Ci sono i decessi “per” covid e quelli “con” covid, e poi ci sono i decessi “senza” covid. Quali dobbiamo conteggiare per valutare l’effetto della pandemia? La visione di chi scrive, in linea con le statistiche di Eurostat (1) e con molti osservatori che hanno lamentato che per via della pandemia si stia trascurando la cura di altre patologie (con inevitabili ricadute anche in termini di mortalità), è che per avere una idea complessiva degli effetti della pandemia (e non solo quelli diretti del virus) si debba guardare alla mortalità totale, ed in particolare a qualche indicatore di eccesso di eventi. Come dice Eurostat, “The excess mortality indicator highlights the magnitude of the health crisis by providing a comprehensive comparison of additional deaths … this approach gives a general measure of the impact of the crisis on the mortality rate because it includes all deaths regardless of their cause” (1).

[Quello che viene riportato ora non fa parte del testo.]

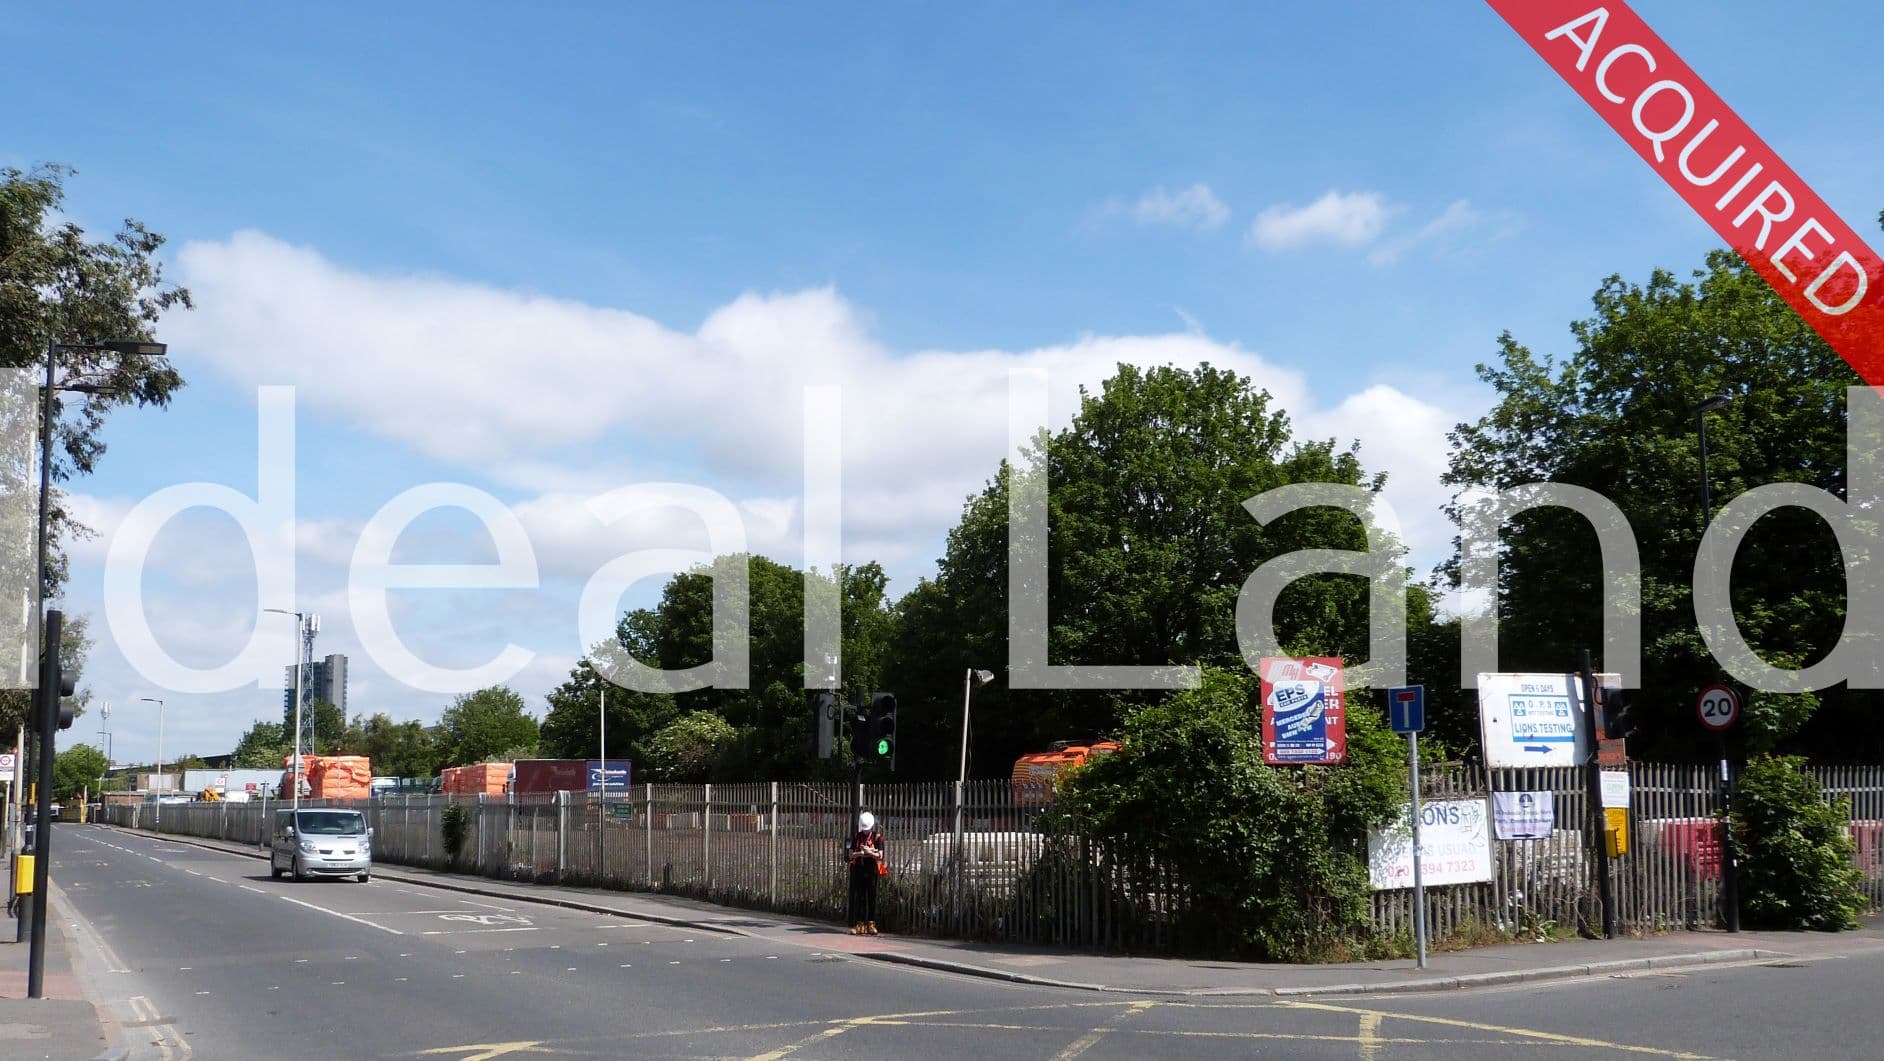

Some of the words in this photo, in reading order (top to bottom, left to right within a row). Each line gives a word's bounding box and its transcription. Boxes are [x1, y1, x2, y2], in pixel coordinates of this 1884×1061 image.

[1275, 683, 1306, 702] EPS
[1703, 698, 1731, 717] 20
[1514, 723, 1537, 734] LIONS
[1539, 723, 1574, 733] TESTING
[1421, 805, 1460, 827] ONS
[1447, 860, 1476, 874] 7323

A scanso di equivoci conviene subito osservare che questa impostazione si discosta sia dal numero di decessi che vengono quotidianamente segnalati (ad esempio) dalla Protezione Civile sia dalle scelte di registrazione e conteggio centrate più restrittivamente sugli effetti “diretti” del virus che sono state adottate in molti paesi, scelte che rendono spesso poco (o nulla) confrontabili le statistiche che vengono prodotte.

L’operazione che ci si appresta a compiere appare semplice ma lo è solo in apparenza perché richiede il realizzarsi di alcune condizioni di cui la prima, e più importante, è il sistema informativo. Su questo, come noto, ci viene in aiuto ISTAT, che recentemente, il 21 ottobre 2021 (2), ha messo a disposizione in formato elettronico un dataset con i decessi giornalieri per qualsiasi patologia avvenuti in ogni singolo comune di residenza (per sesso e classi di età quinquennali) per il periodo che va dal 1 gennaio 2011 al 31 agosto 2021 per tutti i 7.903 Comuni italiani, base di dati che, per prudenza e per evitare eventuali problemi di incompletezza dei dati più recenti, sono stati qui esplorati per i deceduti entro il 30 giugno 2021.

Avuti i dati ci si deve poi porre il problema del confronto tra il numero di decessi totali osservati ed il numero di decessi totali che sarebbe stato ragionevole attendersi se la pandemia non ci fosse stata. Da questo punto di vista, a differenza di quanto fatto da altri che hanno usato come riferimento la media dei decessi registrati nel periodo 2015-2019 (3) oppure 2016-2019 (1), in questo esercizio sono stati considerati quattro riferimenti: i tassi di mortalità del 2019, i tassi medi del 2018-2019, i dati medi del periodo 2015-2019, l’andamento dei tassi nel periodo 2011-2019 (proiettati in seguito al 2020 e 2021). Inoltre, per garantire che il confronto produca risultati corretti (4), non è sufficiente utilizzare i soli casi di decesso del totale della popolazione perché questo approccio trascura l’evoluzione in termini di età della popolazione stessa: ecco perché nel presente contributo si è fatto ricorso ai tassi di decesso specifici per età (e da già che ci siamo, anche per genere). Tutte le popolazioni sono riferite al 1 gennaio di ogni anno (demo.istat.it).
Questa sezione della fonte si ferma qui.